**Dataset content**:
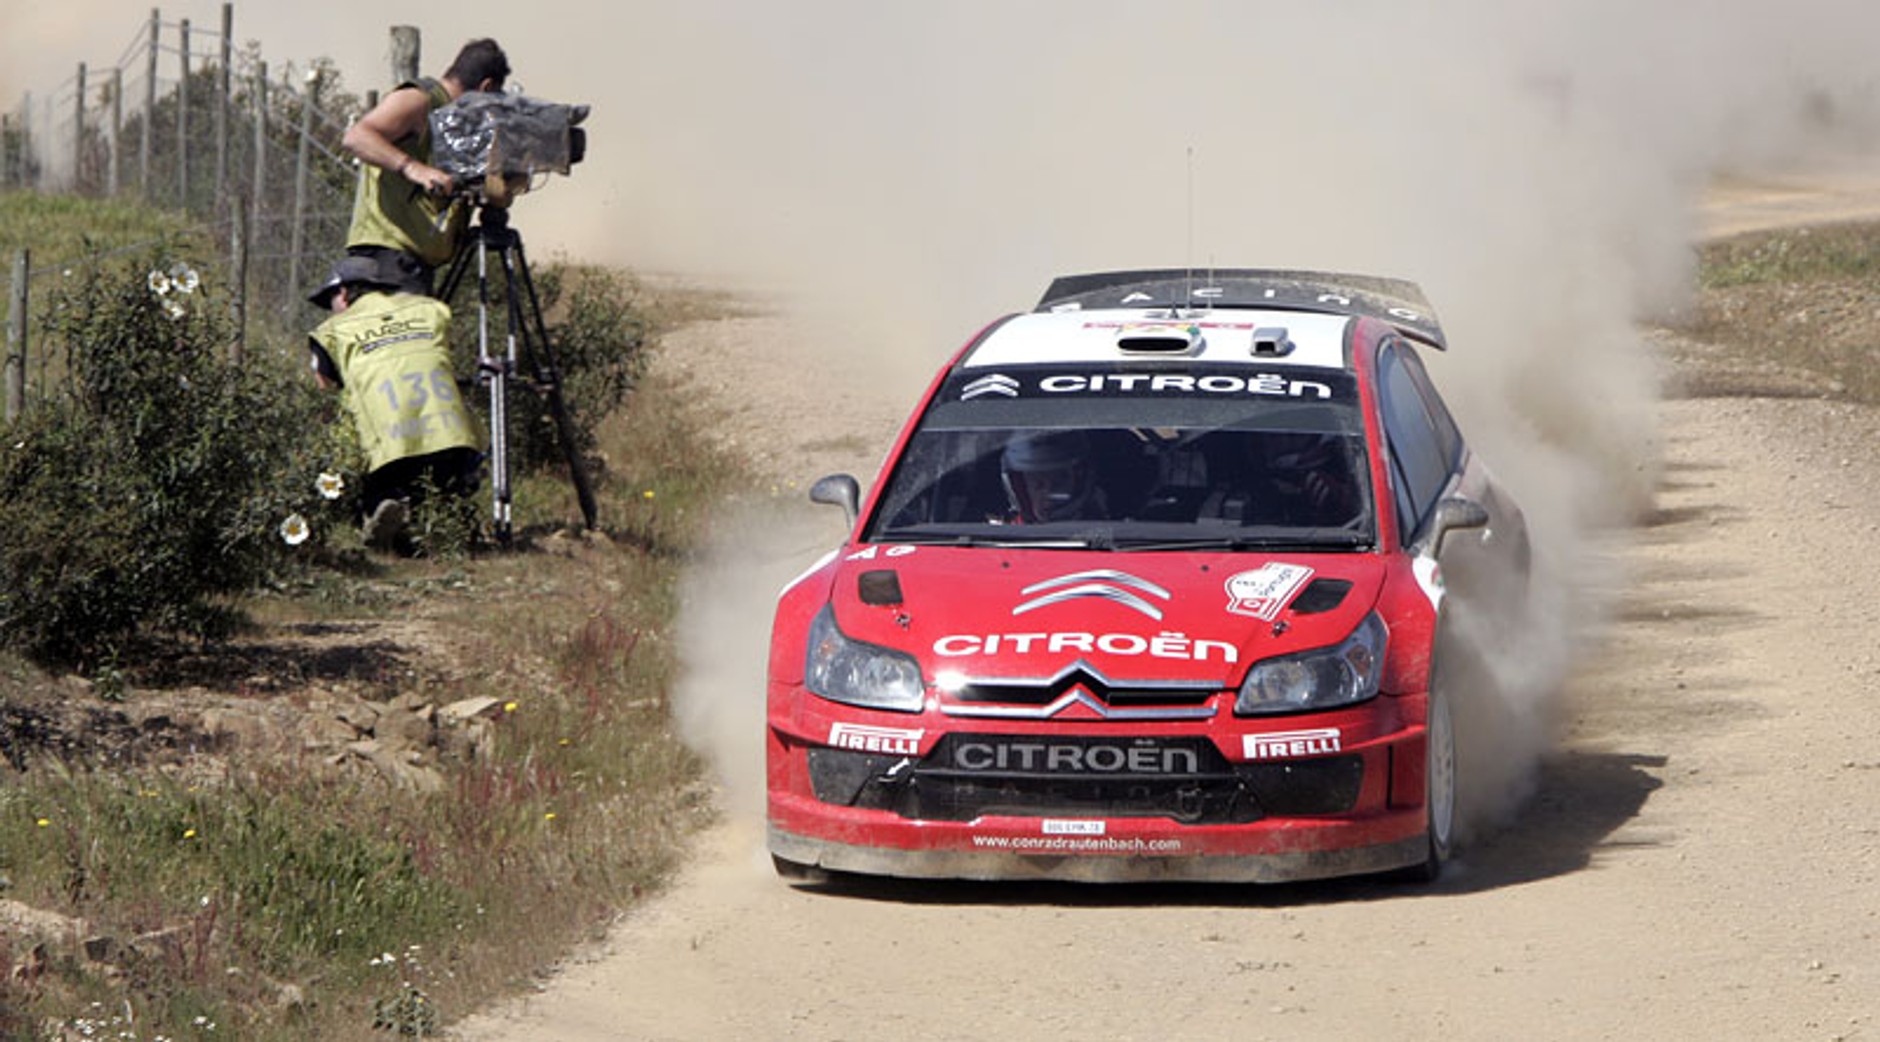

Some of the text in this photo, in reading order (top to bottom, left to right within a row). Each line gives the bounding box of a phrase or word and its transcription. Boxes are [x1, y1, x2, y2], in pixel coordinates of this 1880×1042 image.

[377, 368, 453, 411] 136
[827, 721, 925, 754] PIRELLI
[1243, 728, 1340, 758] PIRELLI
[973, 834, 1181, 850] www.conradrautenbach.com
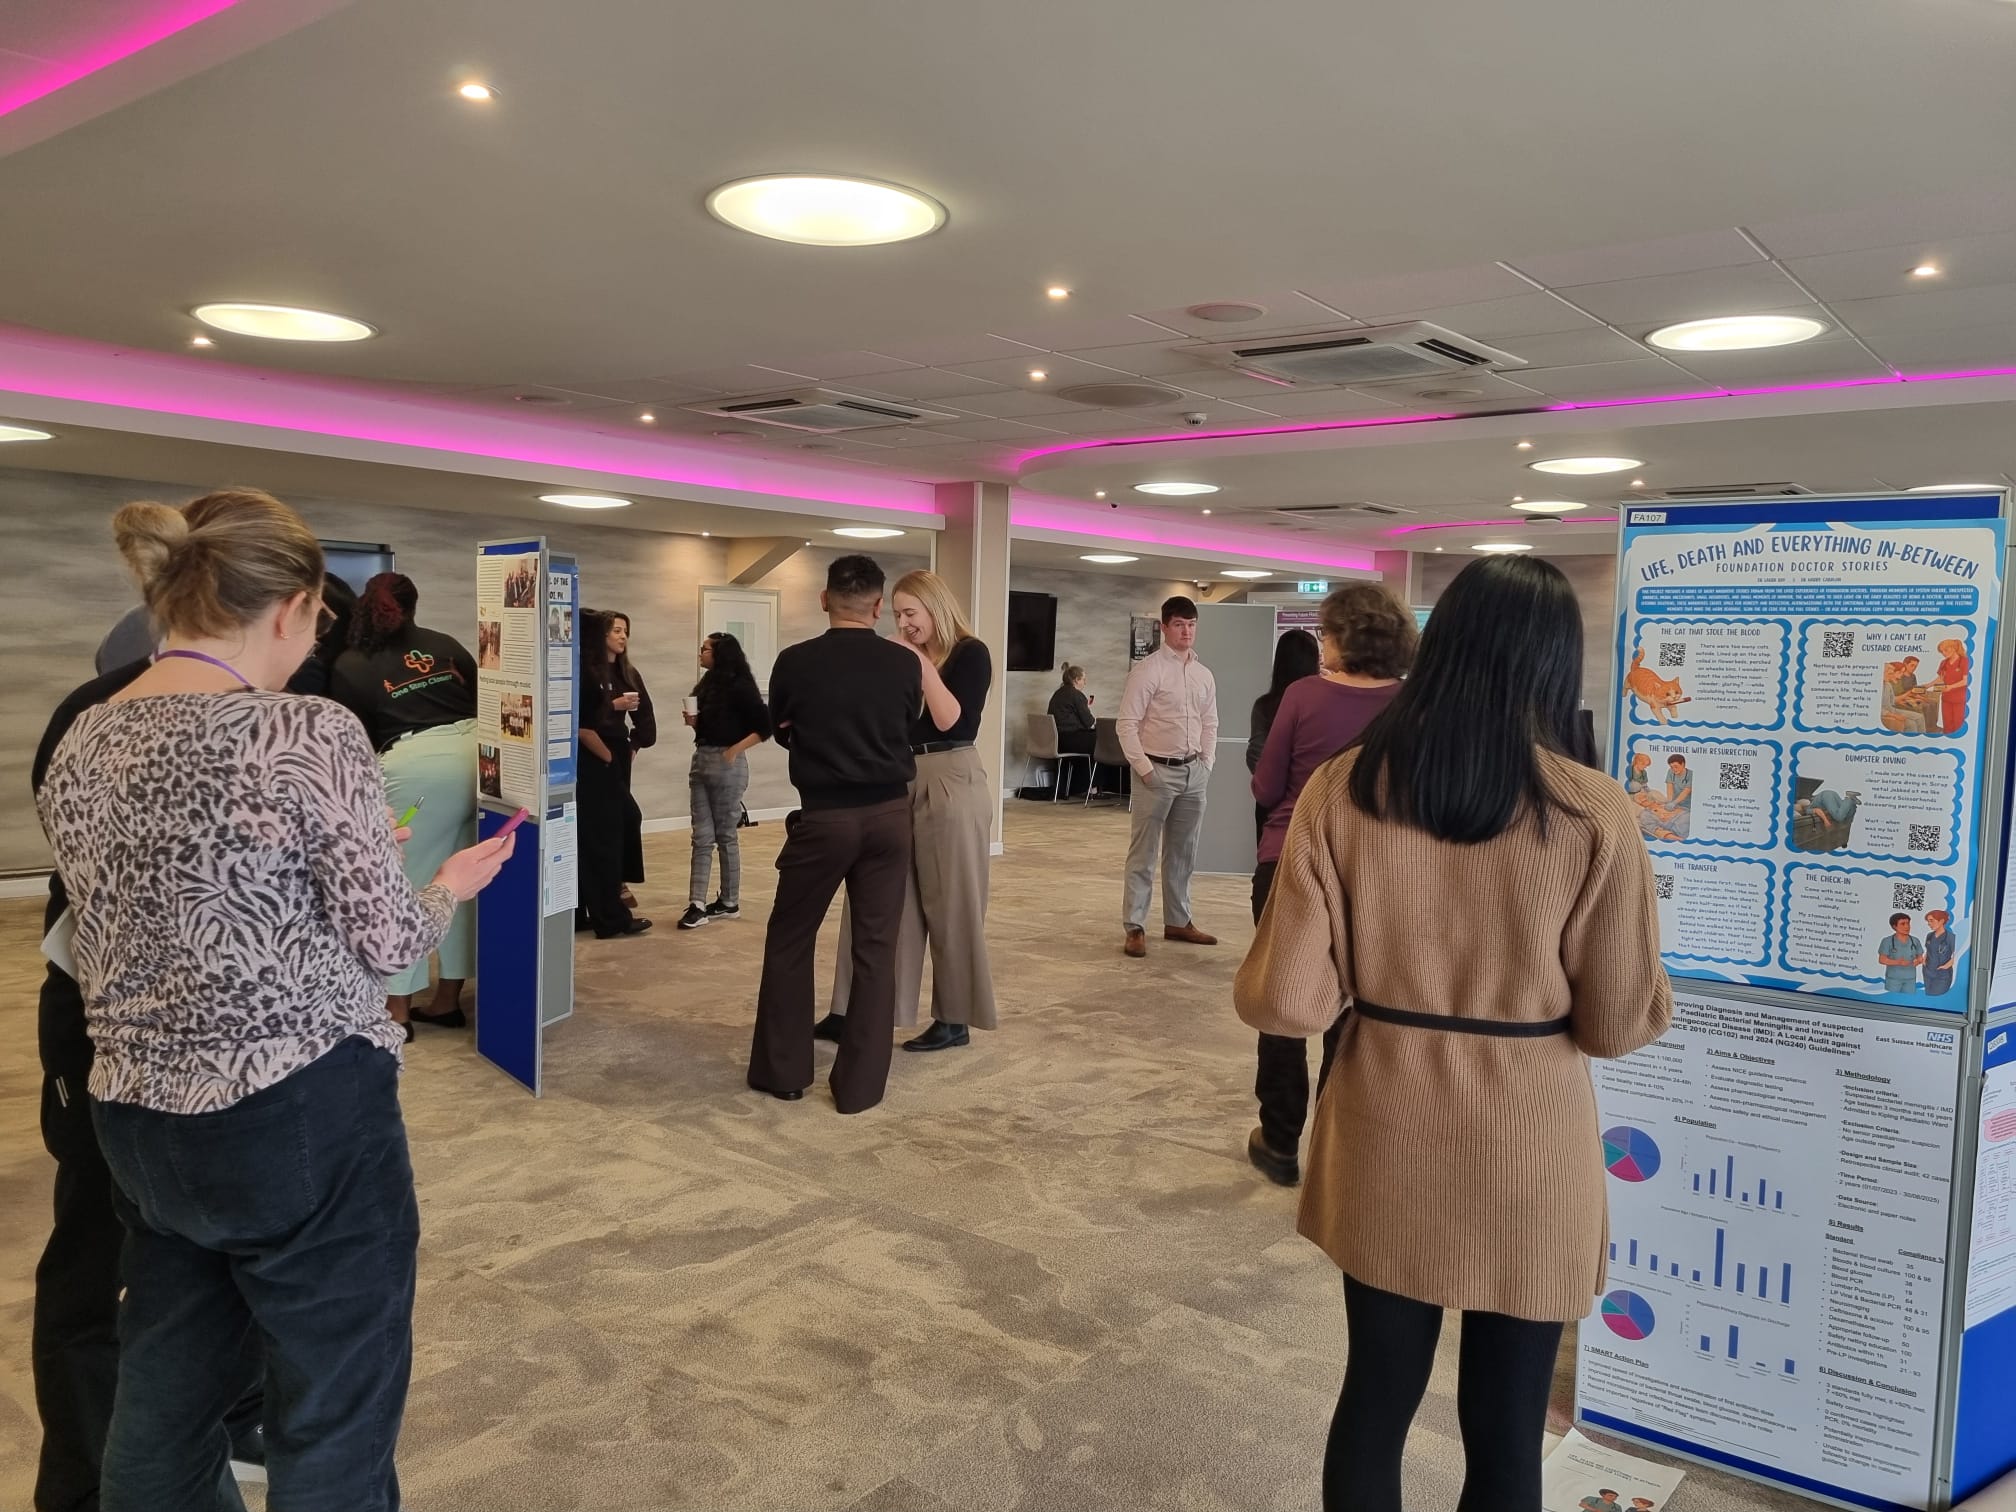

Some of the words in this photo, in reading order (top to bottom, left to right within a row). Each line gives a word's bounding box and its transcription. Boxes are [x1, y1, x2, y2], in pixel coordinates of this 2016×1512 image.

**Instructions to follow**:
Write out the whole listing exactly, and drop the pictures.

**Written answer**:
Some of the text in this photo, in reading order (top to bottom, left to right within a row). Each line gives the bounding box of a phrase or word and its transcription. Boxes are [x1, y1, x2, y2], in pixel coordinates of this 1880×1042 image.

[377, 368, 453, 411] 136
[827, 721, 925, 754] PIRELLI
[1243, 728, 1340, 758] PIRELLI
[973, 834, 1181, 850] www.conradrautenbach.com

Some of the words in this photo, in reading order (top to bottom, left to right within a row). Each line gives a word's bounding box and its transcription. Boxes are [x1, y1, x2, y2], in pixel coordinates of this 2016×1512 image.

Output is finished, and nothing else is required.